Sept films dont un de la République populaire démocratique de Corée (RPDC), avec un débat animé par Jean-Michel Bovy, conseiller municipal, Tiyan Wong et Robert Charvin, au nom de l'Association d’amitié franco-coréenne. Ont été projetés La servante de Kim Ki-young, Bonbon à la menthe de Lee Chang-dong, puis un bijou, finement ciselé, Jiburo de Lee Jung-hyang, qui mériterait une large audience, particulièrement dans la jeunesse : un petit citadin passe ses vacances chez sa grand-mère, paysanne pauvre, qui réussit à « re-civiliser » ce garçon de Séoul, intoxiqué de coca et de jeux vidéos. Au fil des images, avec une économie de moyen absolue, l’enfant standardisé redevient coréen.
Les organisateurs ont aussi choisi La jeune bouquetière de Pak Hak et Choe Ik-kyu, film venu de Pyongyang et réalisé en 1972. Depuis, le temps s’est écoulé et le cinéma nord coréen a évolué durant les années 2000. On assiste à quelques scènes de l’oppression japonaise sur la Corée qui a duré un demi-siècle et que l’Occident ignore. On y pleure beaucoup : mais, peut être, les peuples qui savent encore pleurer ont de l’avenir !
L’ivresse de l’argent de Im Sang-soo, dénonce avec efficacité la corruption régnant en Corée du Sud et la difficulté qu’a tout subordonné à échapper à l’emprise de ces nouveaux riches qui bénéficient de la complicité des pouvoirs publics, des Américains et mettent la Corée du Sud en coupe réglée.
Les deux chefs-d’œuvre où s’affirme la culture coréenne riche et délicate, sont Printemps, été, automne, hiver.. et printemps de Kim Ki-duk et Ivre de femmes et de peinture de Im Kwon-taek. Ces deux films offrent une photographie exceptionnelle, de multiples scènes où s’expriment les valeurs du confucianisme, mêlées à des interrogations très contemporaines. Dans une pagode au bord d’un lac, un bonze et son disciple traversent les étapes de la vie et des saisons, avec leurs succès et leurs échecs.

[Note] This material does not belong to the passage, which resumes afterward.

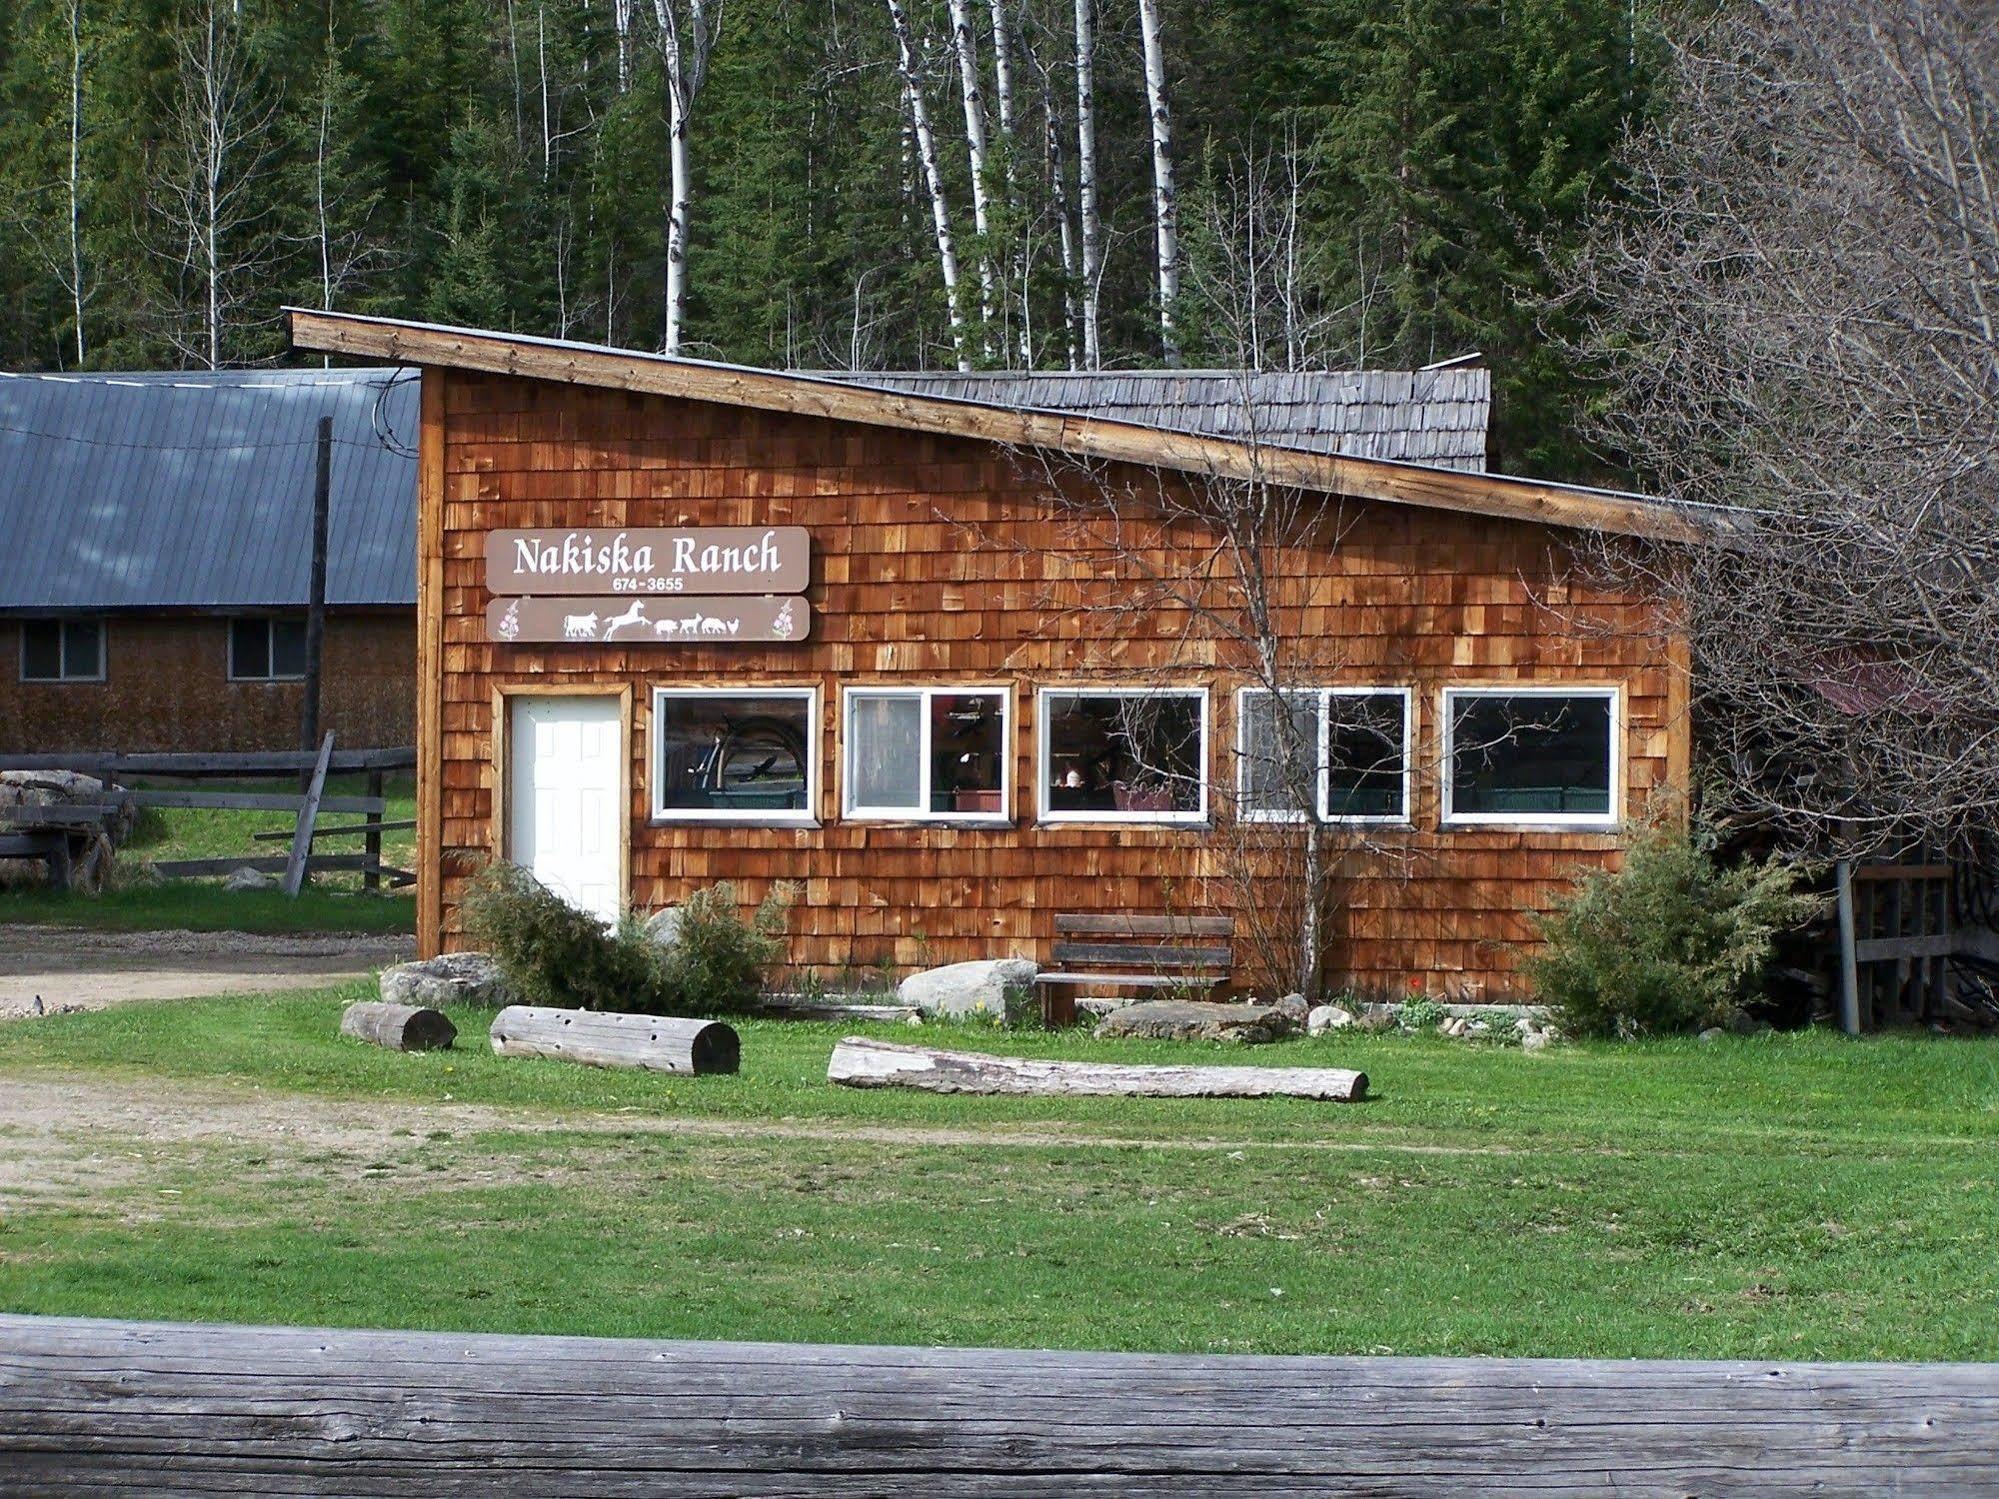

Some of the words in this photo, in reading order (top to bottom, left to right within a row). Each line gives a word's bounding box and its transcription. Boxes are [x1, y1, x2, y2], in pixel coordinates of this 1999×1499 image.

Sisyphe est ici coréen : il faut « monter », avec effort, toujours plus haut.
Ivre de femmes et de peinture fait le récit d’un peintre coréen célèbre, Oh-won, du XIX° siècle, mais soulève aussi les problèmes de la création, de l’engagement de l’artiste mêlé à l’Histoire, qu’il le veuille ou non. Ces deux grands films sont révélateurs d’une civilisation que l’Occident néglige par inculture et suffisance. Ils réconcilient avec un cinéma qui n’a plus rien à voir avec les stocks d’images commerciales dont nous sommes abreuvés ! Ils démontrent qu’on peut parler d’aujourd’hui sans se détacher de l’Histoire, qu’il y a une étonnante modernité dans le passé, et que le monde bouge plus qu’il ne change.